Nunca he fumado, y ahora lo siento. Ajeno a la cultura y usos del tabaco, nunca me interesé, digámoslo así, por su intrahistoria, y bastante poco por su esencia, la ontológica, no la perfumada. Ni siquiera cuando hace tres meses -por el influjo vicioso de un amigo que lo hacía- masqué tabaco unos días me molesté en saber qué me estaba metiendo químicamente en la boca. La experiencia, aunque sucia en sí, me gustó; sentí el estímulo embriagador de la nicotina y no emití vapores molestos, aunque parece ser que el efecto nocivo para mi cuerpo sí lo sufrí. Anduve mascando esos cuantos días como John Wayne, o más innoblemente como un cuatrero de los que John Wayne combatía a balazos y que antes de desenfundar dos segundos después que el sheriff arrojaban al suelo del saloon la asquerosa pócima mascada.Hoy, cuando ya no masco, me entero con nostalgia de que el tabaco no sólo lleva azúcar, alquitrán, arsénico y nicotina, sino dosis muy apreciables de paladio y de polonio, dos componentes que tienen algo de isótopo radiactivo, aunque a mí me sonaron a personajes secundarios de un drama de Shakespeare. La información que leí también decía que pronto va a ser obligatorio en las cajetillas un desglose de lo que encierran en su interior los cigarrillos, al modo en que sabemos a ciencia cierta de qué están hechas las sopas envasadas, los paquetes de patatas fritas y hasta las bandejas de pescado fresco que uno compra en El Corte Inglés. Lo diré crudamente: aunque ni fumo ni masco, entre tragarse la sal marina, el carbohidrato y los lípidos presentes en el cartón de gazpacho que me pienso tomar en cuanto acabe esta columna, seguido, como segundo, de unas lonchas de jamón york provistas, lo dice el envoltorio, de estabilizantes, conservadores (sic) y, a tenor de lo anterior, una lógica cantidad de antioxidante, yo, la verdad, prefiero ingerir algo que lleve polonio y paladio, que suenan mucho mejor y encima es, el paladio en concreto, un metal pesado pero anticancerígeno.

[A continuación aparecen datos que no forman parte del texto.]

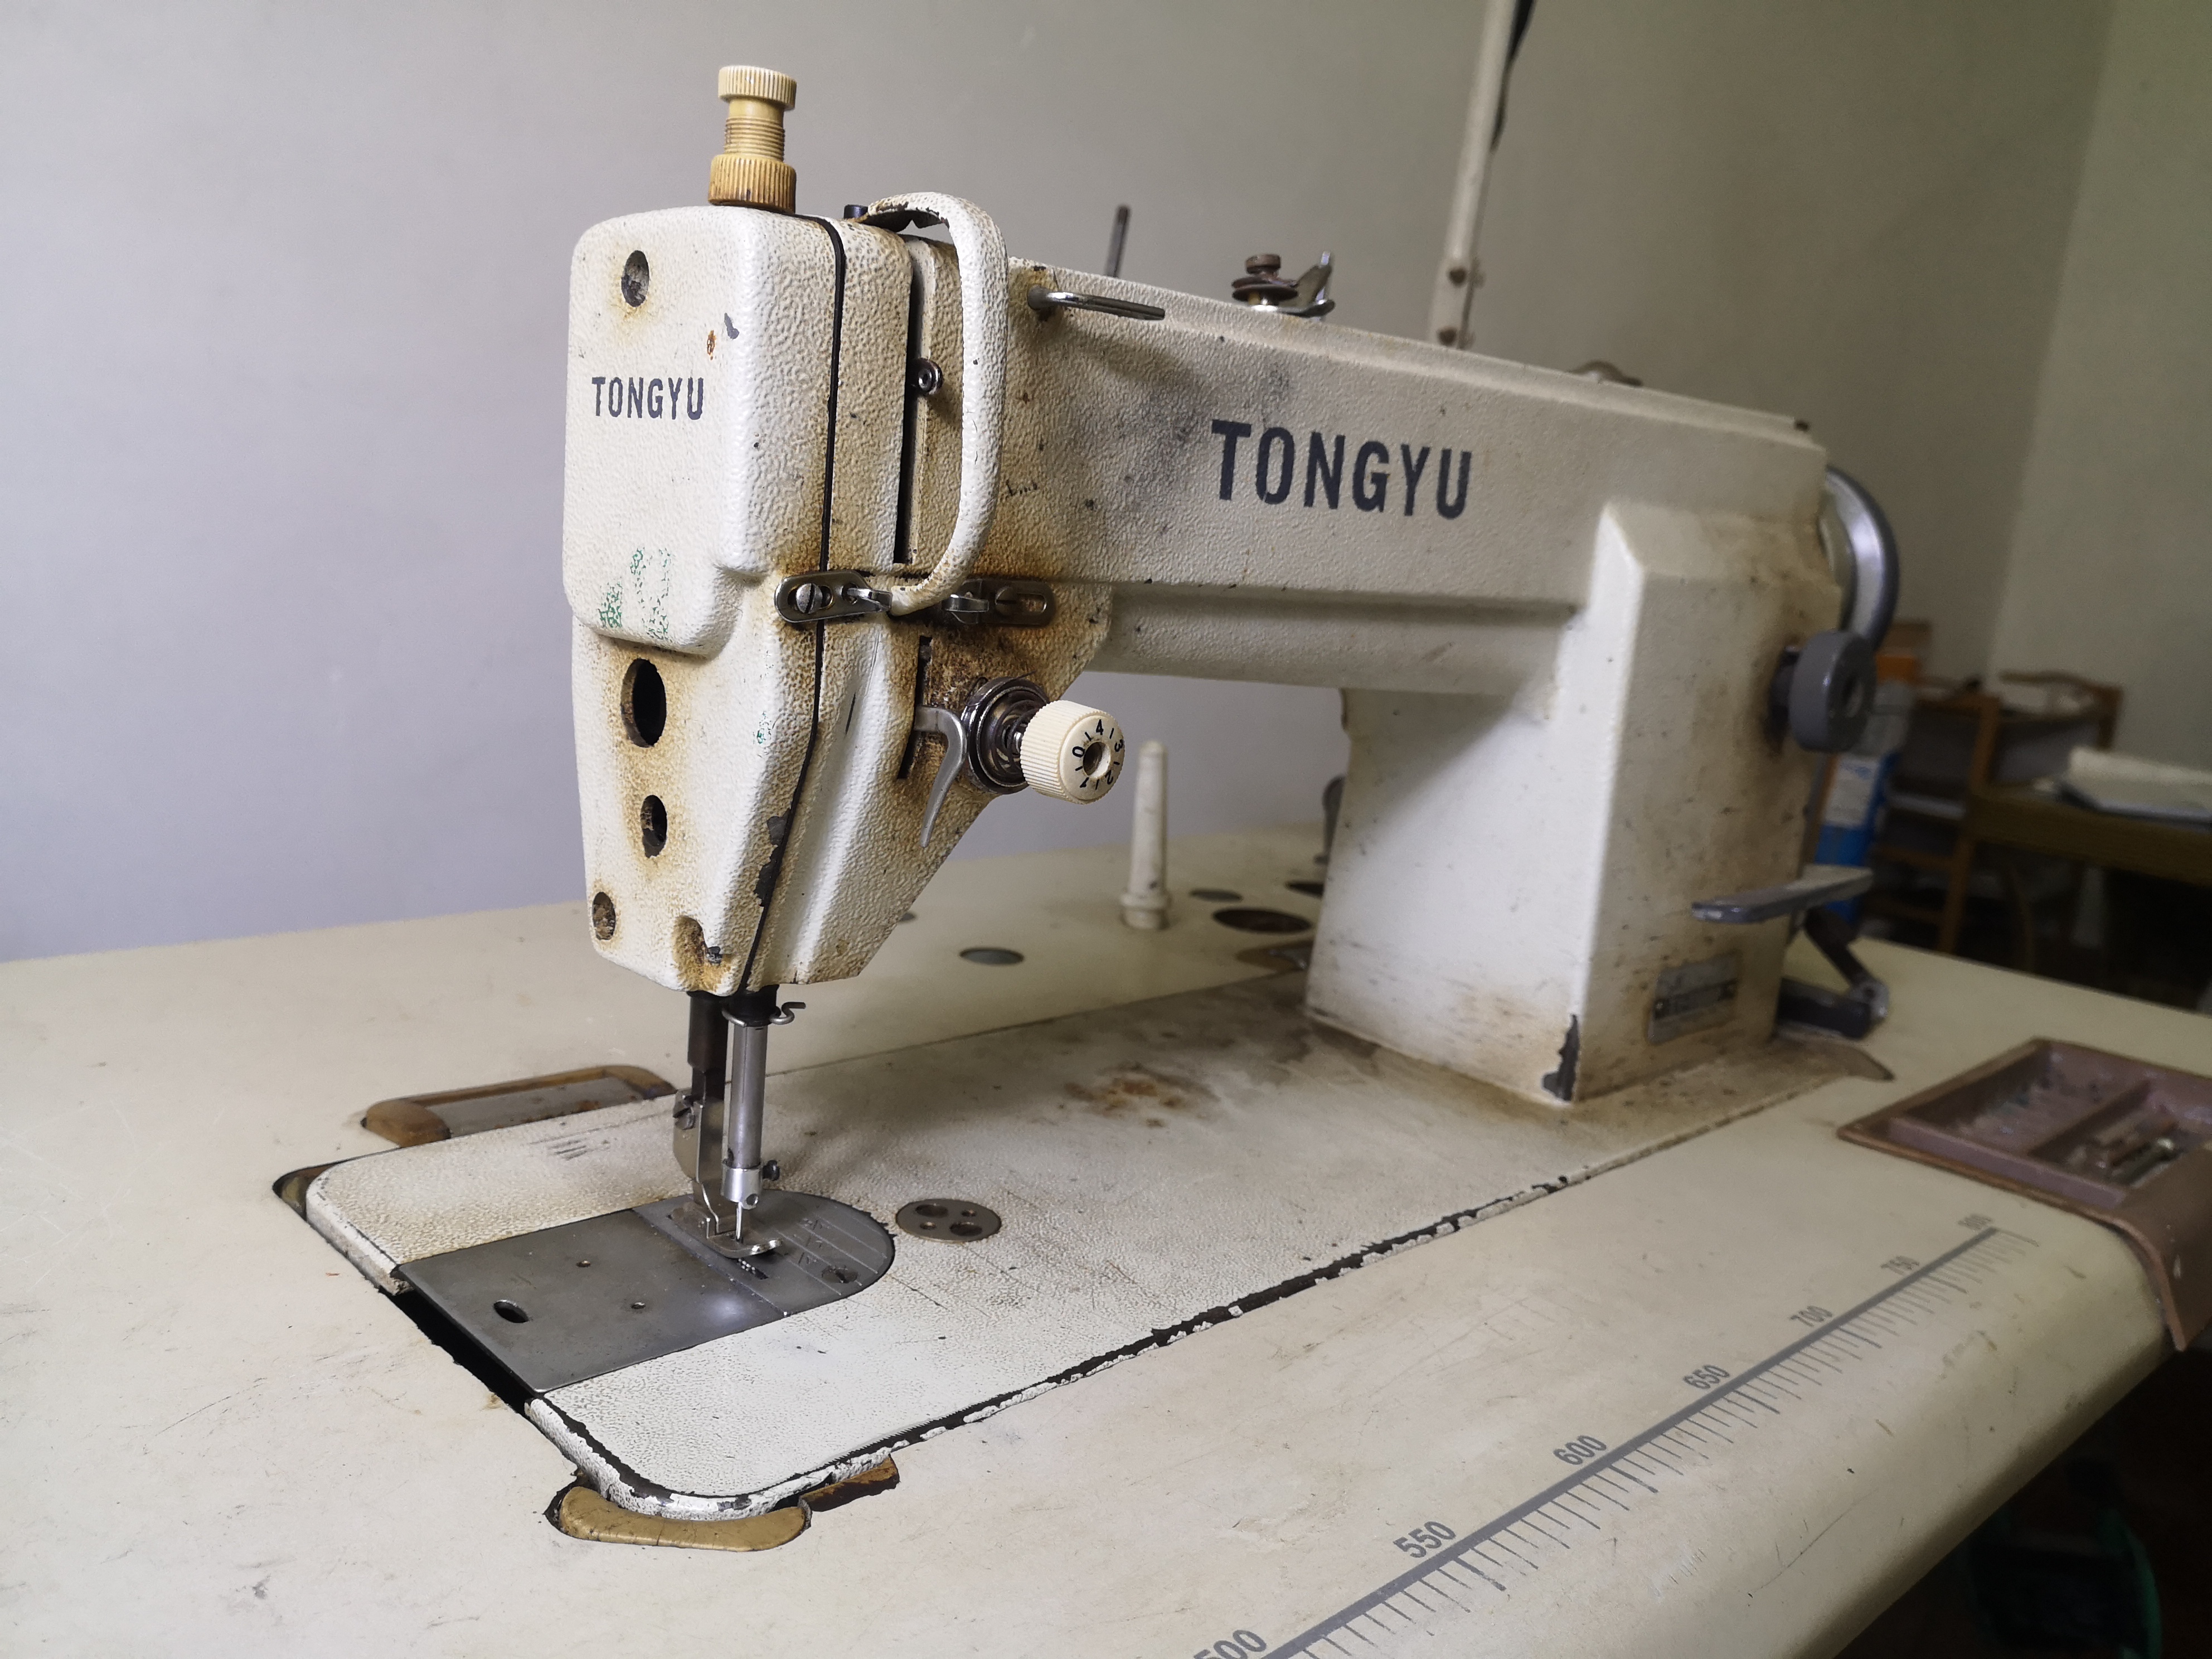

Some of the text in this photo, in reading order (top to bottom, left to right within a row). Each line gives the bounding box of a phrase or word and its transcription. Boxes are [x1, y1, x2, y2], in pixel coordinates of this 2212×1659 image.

Pensé en todo esto el domingo mientras firmaba, bueno, cuando propiamente no estaba firmando, en la Feria del Libro del Retiro. Sobre la relación autor-lector se ha escrito mucho y muy serio, como sobre todos los amores difíciles, pero yo me inclinaba más a la figura del comprador, que ya sabemos por la estadística que no siempre coincide con la del que lee el libro por él comprado. Tener un libro firmado por el autor es una pequeña mitomanía a la que no escapan, sépanlo todos, los propios escritores, muy dados a reclamar de sus amigos semejantes el ejemplar de regalo dedicado. Ahora bien, exceptuando a los fenómenos firmativos del tipo Gala o Pérez Reverte, donde lo crucial es asegurarse un sitio en la cola, hay unas curiosísimas estrategias en el acto de solicitar la firma. Se habla de la timidez, hasta del embarazo del escritor que espera nueve o 90 minutos a que alguien se le acerque y le compre la mercancía (un sarcástico me dijo el otro día que las hileras del Retiro le recordaban las calles del barrio chino de Amsterdam, donde las prostitutas también aguardan sentadas con todos sus encantos al cliente). Pero ¿y los compradores tímidos, dubitativos, esos que hacen varias pasadas antes de decidirse, llegando incluso a devolver el libro al montón después de ojearlo tres veces, o los que se escudan en sus hijitos, "firmeselo al niño, para que se aficione", y el niño te mira con cierto morbo y una cara de decidido nolector tuyo?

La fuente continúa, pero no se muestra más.